> **Exercise details**
Word for word, write out the entries that follow, omitting all pictures.
═════ Provided entries ═════
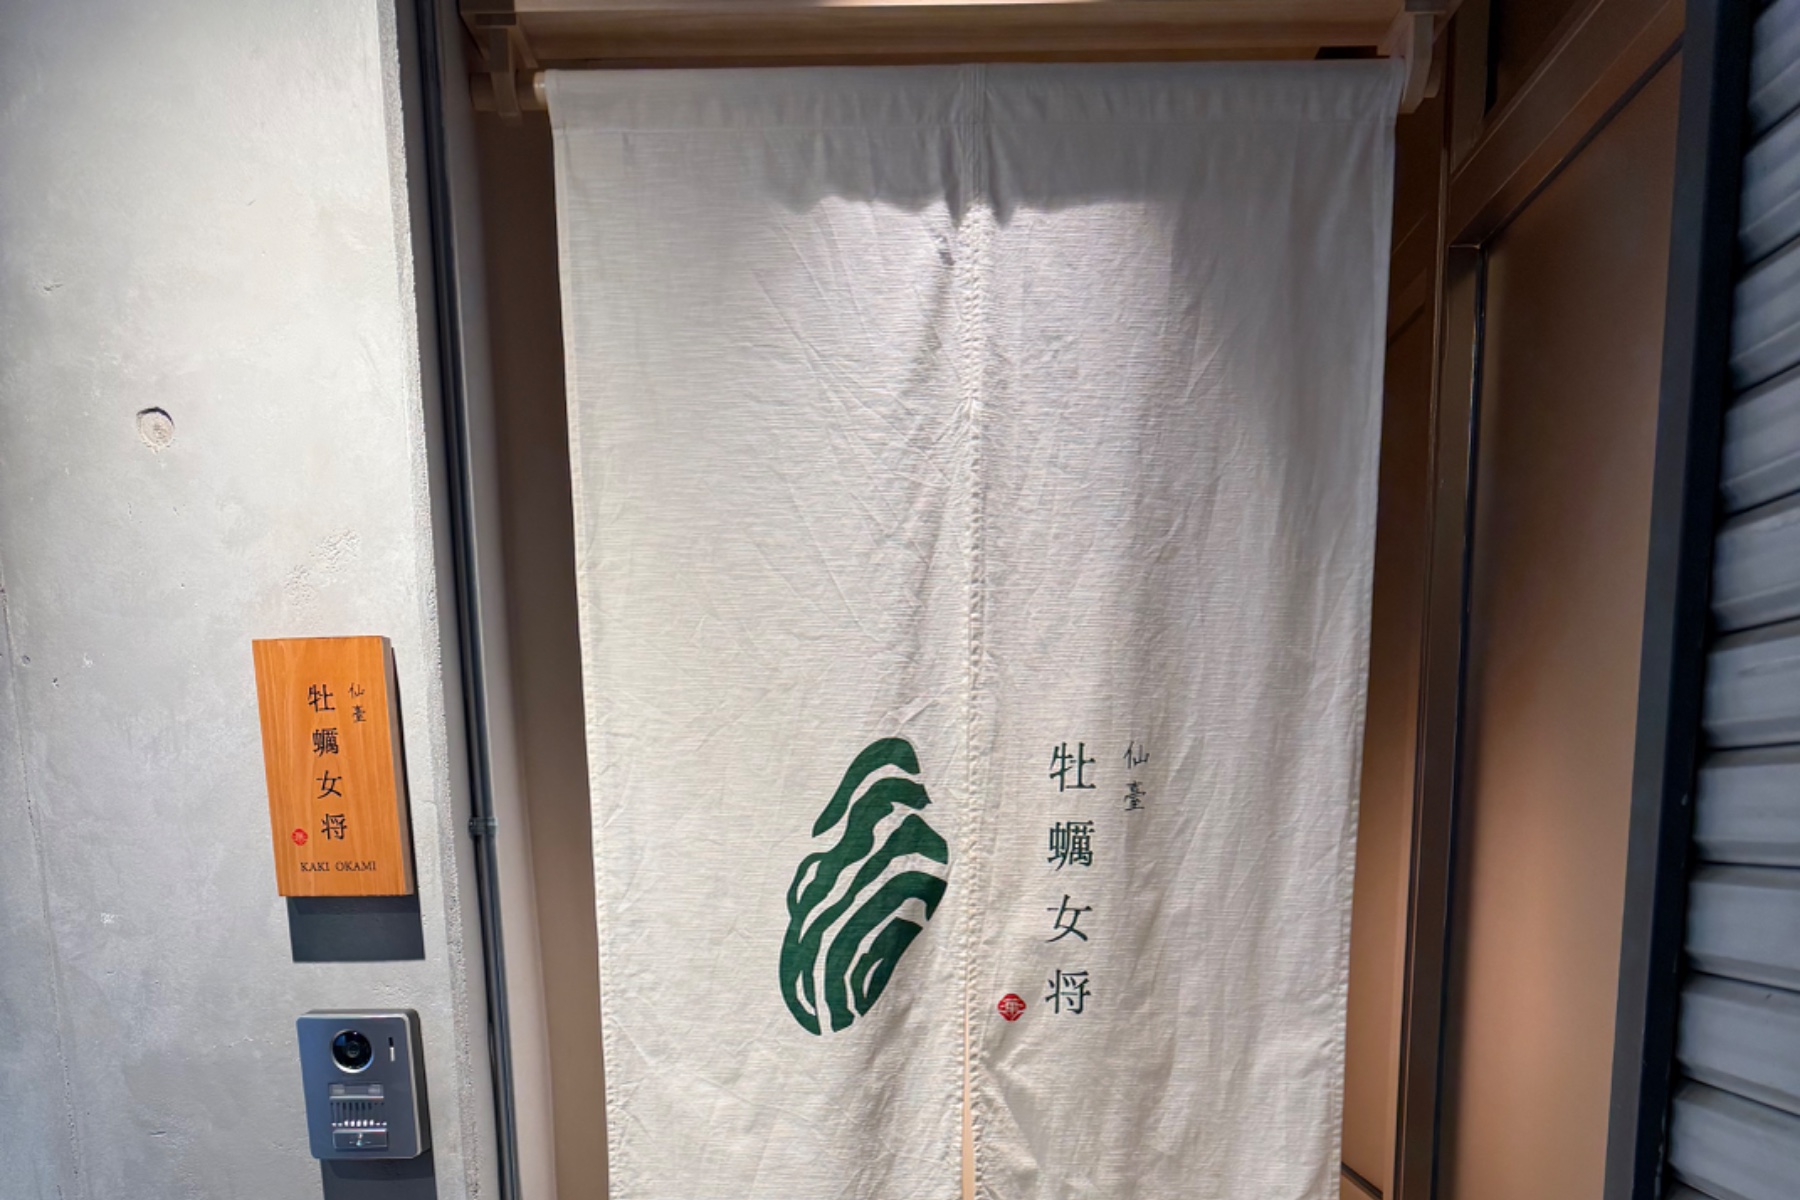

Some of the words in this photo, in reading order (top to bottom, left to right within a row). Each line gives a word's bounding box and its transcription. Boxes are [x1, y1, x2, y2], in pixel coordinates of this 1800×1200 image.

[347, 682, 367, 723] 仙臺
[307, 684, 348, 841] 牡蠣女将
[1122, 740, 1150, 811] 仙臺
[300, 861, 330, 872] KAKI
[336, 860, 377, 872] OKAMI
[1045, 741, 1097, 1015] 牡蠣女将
═════
> **Your response**
Some of the words in this photo, in reading order (top to bottom, left to right within a row). Each line gives a word's bounding box and its transcription. Boxes are [x1, y1, x2, y2], in pixel coordinates of this 1800×1200 image.

[347, 682, 367, 723] 仙臺
[307, 684, 348, 841] 牡蠣女将
[1122, 740, 1150, 811] 仙臺
[300, 861, 330, 872] KAKI
[336, 860, 377, 872] OKAMI
[1045, 741, 1097, 1015] 牡蠣女将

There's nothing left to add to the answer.